I am prepared to assume that this was not a case in which Mr Wade was met by any illegality problems in advancing his case. But I see no answer to the point that it was part of that case that the business was deliberately not set up as a partnership but that it was instead set up as a business in which Ms Baylis was the sole trader. The Recorder admittedly found that the two of them worked as a team but he also accepted the submission that the business remained that of Ms Baylis as a sole trader and that she remained solely responsible in law for Jigsaw’s liabilities. He therefore found as a fact that it was not a partnership business and the mere fact that the two worked together ‘as a team’ did not make it one. Mr Berkley’s point that if Mr Wade was not Ms Baylis’s employee, he must have been her partner is, with respect, a non sequitur. He may well not have been an employee but it does not follow that he can only have been a partner. I have little doubt that, were any claim for Jigsaw’s liabilities to have been brought against Mr Wade, he would have been quick to deny liability. The Recorder’s judgment shows that Mr Wade prefers to hide in the shadows.
I refuse permission to appeal against those parts of the Recorder’s order relating to Jigsaw and its assets (namely, the declarations in paragraphs 2 and 3 of the order dated 22 January 2009).
5. Costs
The complaint here is that it is said that the majority of the trial costs were expended on issues upon which Mr Wade won, including in particular whether certain improvements to Keyworth were unauthorised and whether Ms Baylis should succeed on her counterclaim (which she did not).
Mr Berkley rightly recognised that permission to appeal on the costs order alone would be unlikely to be given. If, however, permission were to be given on any other grounds, he asked for permission to be given to argue this as well. He pointed to six issues at the trial upon which Mr Wade succeeded, being issues which are said to have represented the majority of time and costs expended at the trial. He said that a ‘more issue-based’ approach to costs should have been adopted by the Recorder.

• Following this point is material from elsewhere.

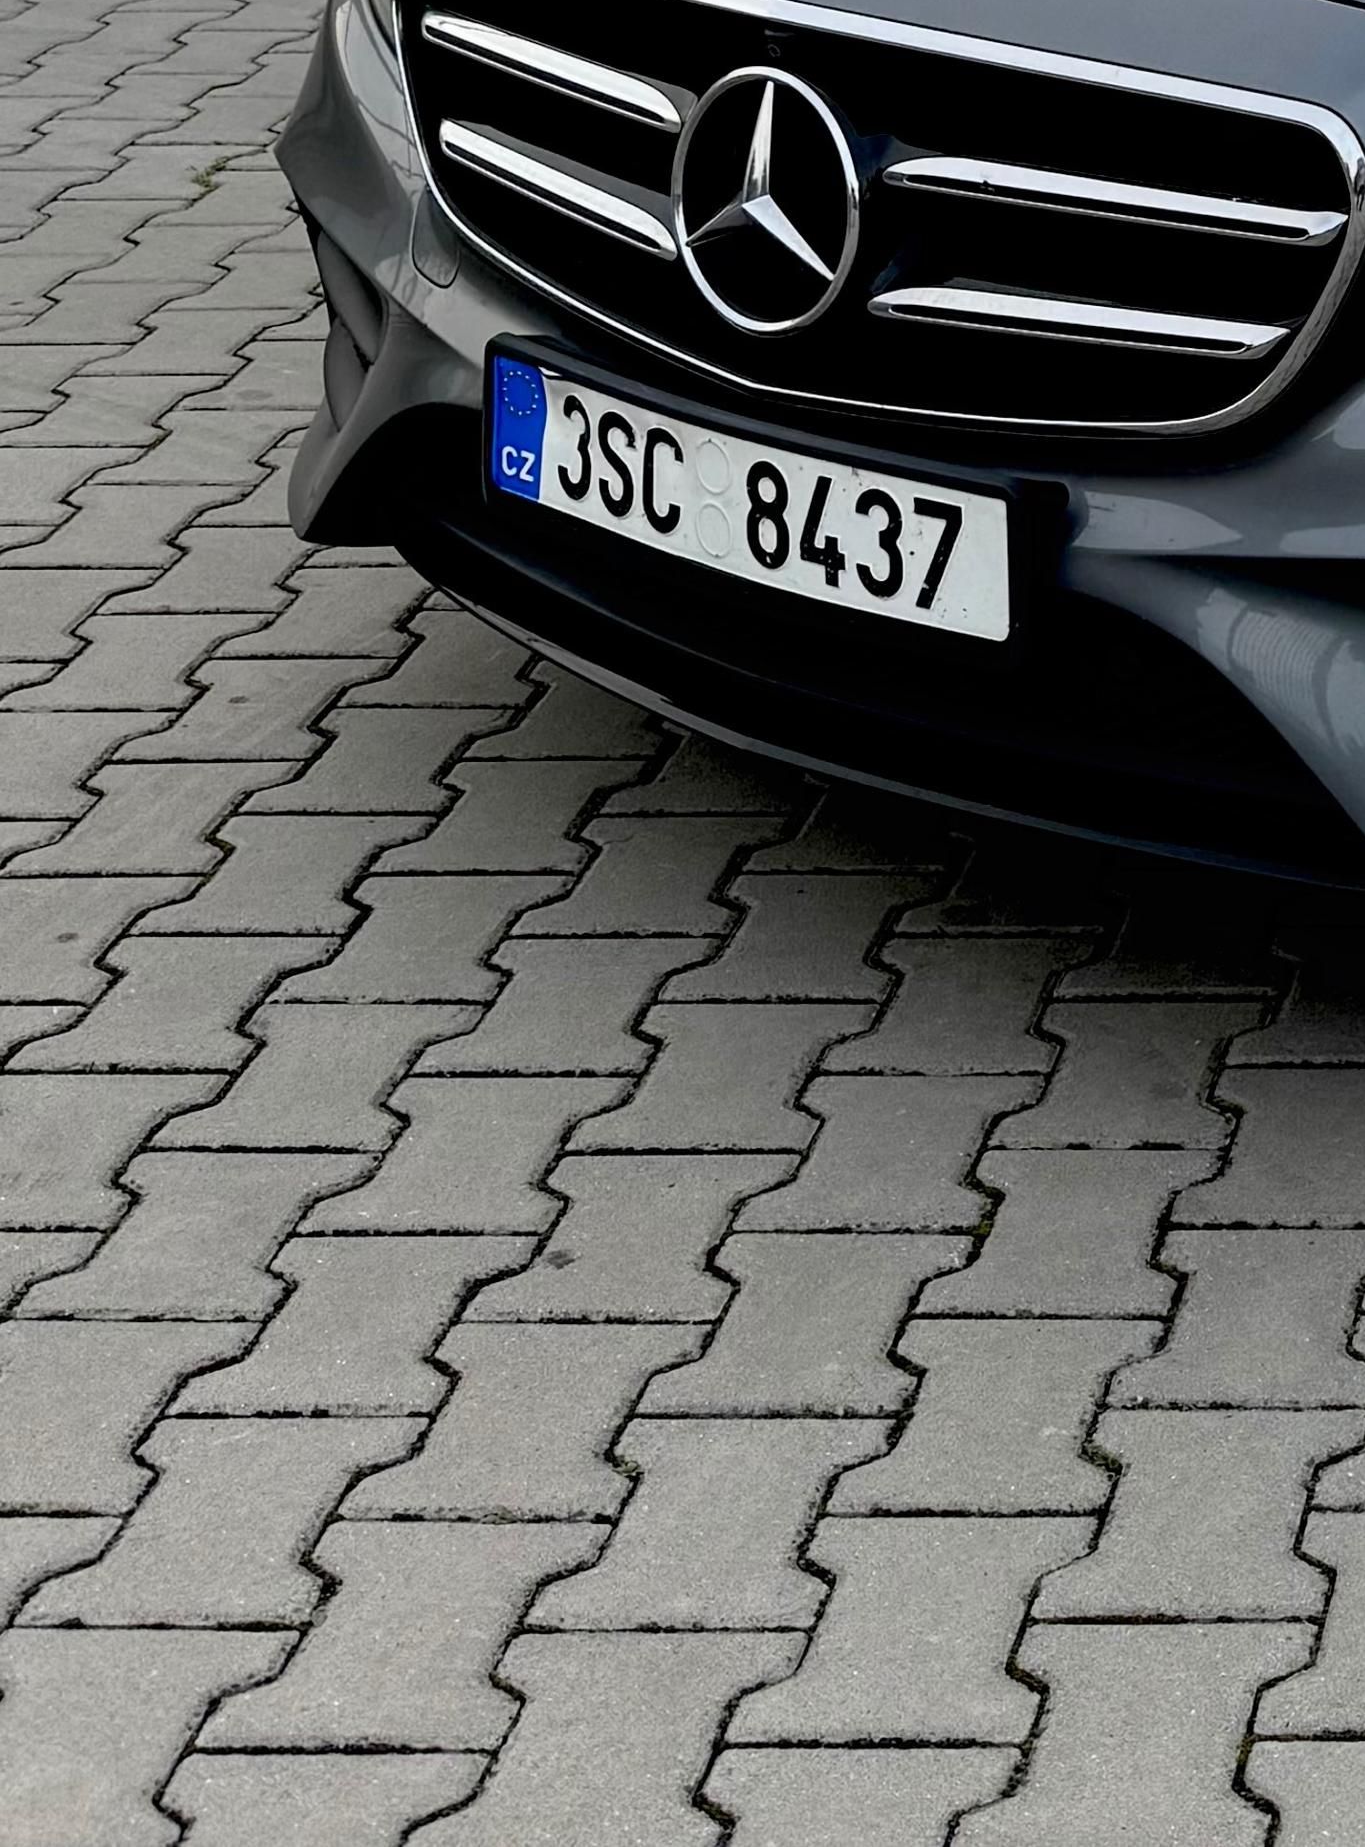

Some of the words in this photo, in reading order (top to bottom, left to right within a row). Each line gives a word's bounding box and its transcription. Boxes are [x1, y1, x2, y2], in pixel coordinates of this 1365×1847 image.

With respect, I regard this as a hopeless ground of appeal. Paragraph 73 of the Recorder’s judgment shows that the parties recognised at the time that it was only Ms Baylis’s failure on her counterclaim that was regarded as justifying a deduction in the costs to which she was otherwise entitled. It appears that Mr Naish proposed that she should recover 90% of her costs and that Mr Berkley first suggested 60% and then moved to a 70% suggestion. The Recorder split the ultimate difference and ordered 80%. The relatively narrow bracket within which the parties made their respective submissions shows that his order was well within the proper range of his discretion and a free-standing appeal against his costs order has no prospect of success. I refuse permission to appeal against the costs order.
Result
I refuse Mr Wade permission to appeal on all grounds.